The current study demonstrates that tailored CDR-like diversity is superior for library construction to nearly fully random (e.g., NNB) or overly constrained (e.g., YS) diversity. This is evidenced by the dominant selection of clones from the G4 library as well as the maintenance of the favored amino acids in binder sequences (Fig. 6b). Tailored diversity improves the search of sequence space by increasing the frequency of functional binders. This results both through improving the likelihood of beneficial contacts, largely by elevation of tyrosine, and reducing detrimental constraints. The latter element is achieved through reduction of hydrophobic isoleucine, leucine, methionine, proline, threonine, and valine as well as the large, positively charged arginine and lysine, in deference to small, neutral serine. Yet, a binary code of tyrosine and serine constrains sequence space such that it often lacks high-affinity binders. Thus, through modest incorporation of other amino acids in the library and a broad, yet efficient mutagenesis approach, tailored diversity yields a vastly improved hybrid of the two extremes of NNB and YS.
The inclusion of wild-type bias is also an important element of the G4 library design. This bias increases the frequency of functional clones both by enabling diversity to be used at positions with more impact on binding and by reducing the number of misfolded clones that result from detrimental mutation of a structurally critical residue. Moreover, the improved stability of G4 clones (Fig. 7) improves evolvability,5 allowing otherwise unstable sequence motifs to be explored.
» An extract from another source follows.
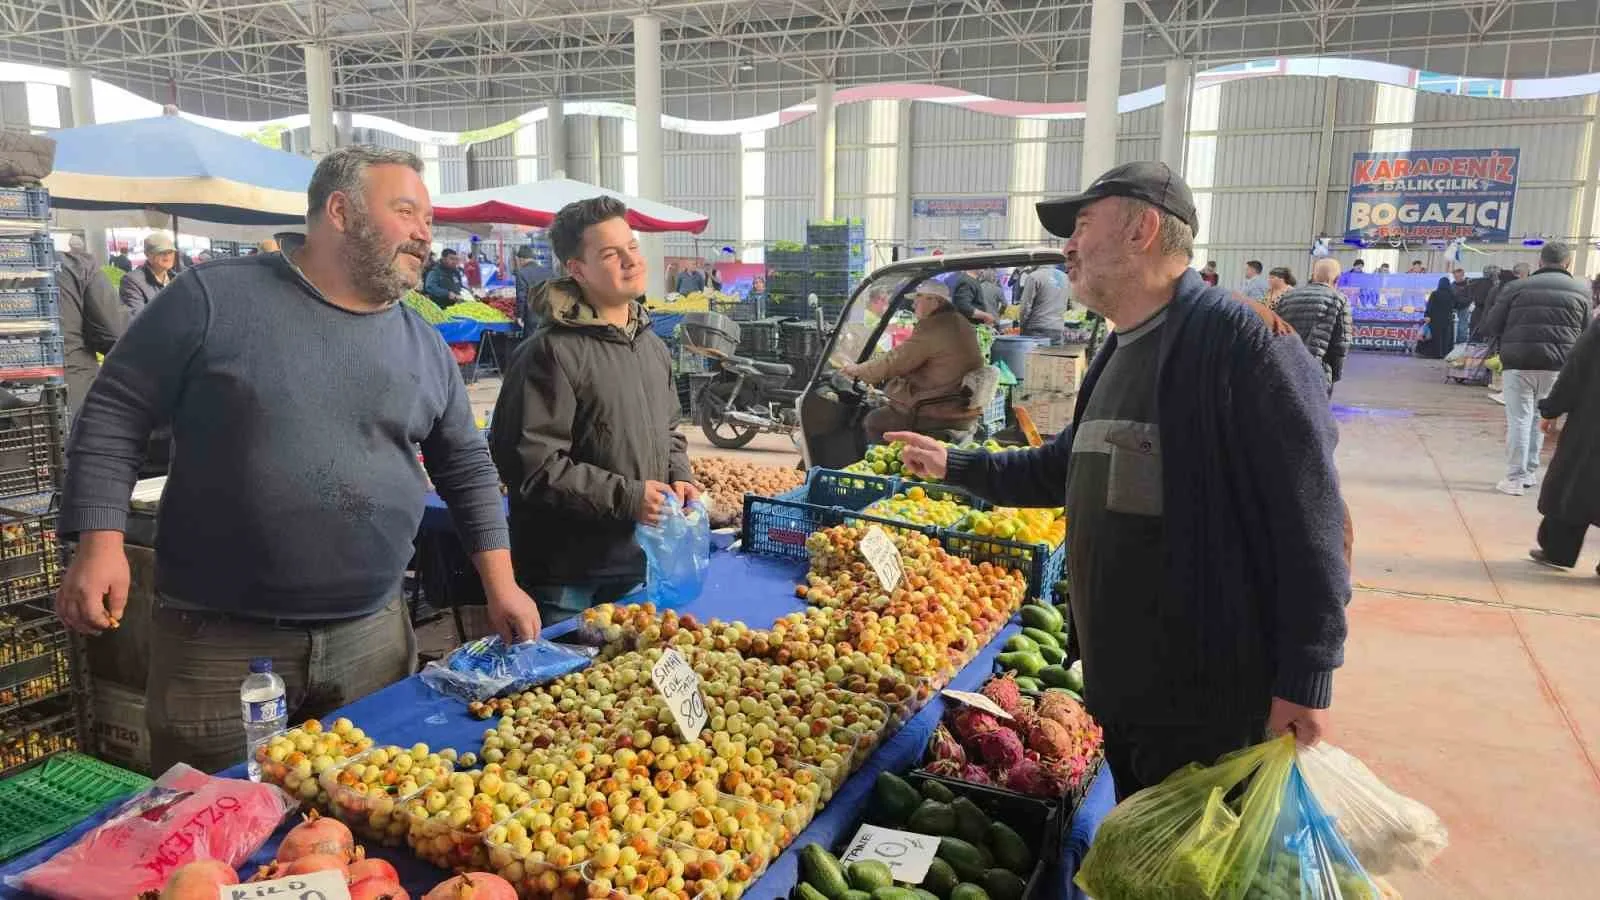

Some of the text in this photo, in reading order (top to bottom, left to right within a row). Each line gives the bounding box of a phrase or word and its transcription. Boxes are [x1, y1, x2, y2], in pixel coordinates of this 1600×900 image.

[1353, 150, 1516, 185] KARADENİZ
[1384, 178, 1479, 192] BALIKÇILIK
[680, 691, 703, 728] 80
[842, 833, 873, 864] TANE
This improved stability is also beneficial in a variety of applications as outlined in the Introduction.
The methodology and techniques in the current study are directly applicable to other protein engineering efforts. While the designed skewed nucleotide mixtures for particular sites are unique to Fn3, the antibody mimic mixture should be generally applicable to nonstabilizing, solvent-exposed sites in molecular recognition scaffolds. Moreover, the mixture design algorithm may be reapplied to any design distribution. The identification of positions most likely to benefit from wild-type bias can be readily applied to other scaffolds through high throughput stability analysis in the context of protein libraries, demonstrated here using yeast surface display. When available, sequence and structural data provide additional avenues of analysis. The relative efficacy of each of these approaches will be elucidated as continued analyses expand the sequence data set and evolved library designs are tested.
Although the thrust of this work entails study of sequence–structure–function relationships and library design, the panel of binders generated provides useful reagents for a variety of applications from tumor targeting (EGFR, human A33, and mouse A33) to biotechnology (HSA and mouse IgG) to immunology (FcγRIIa and FcγRIIIa).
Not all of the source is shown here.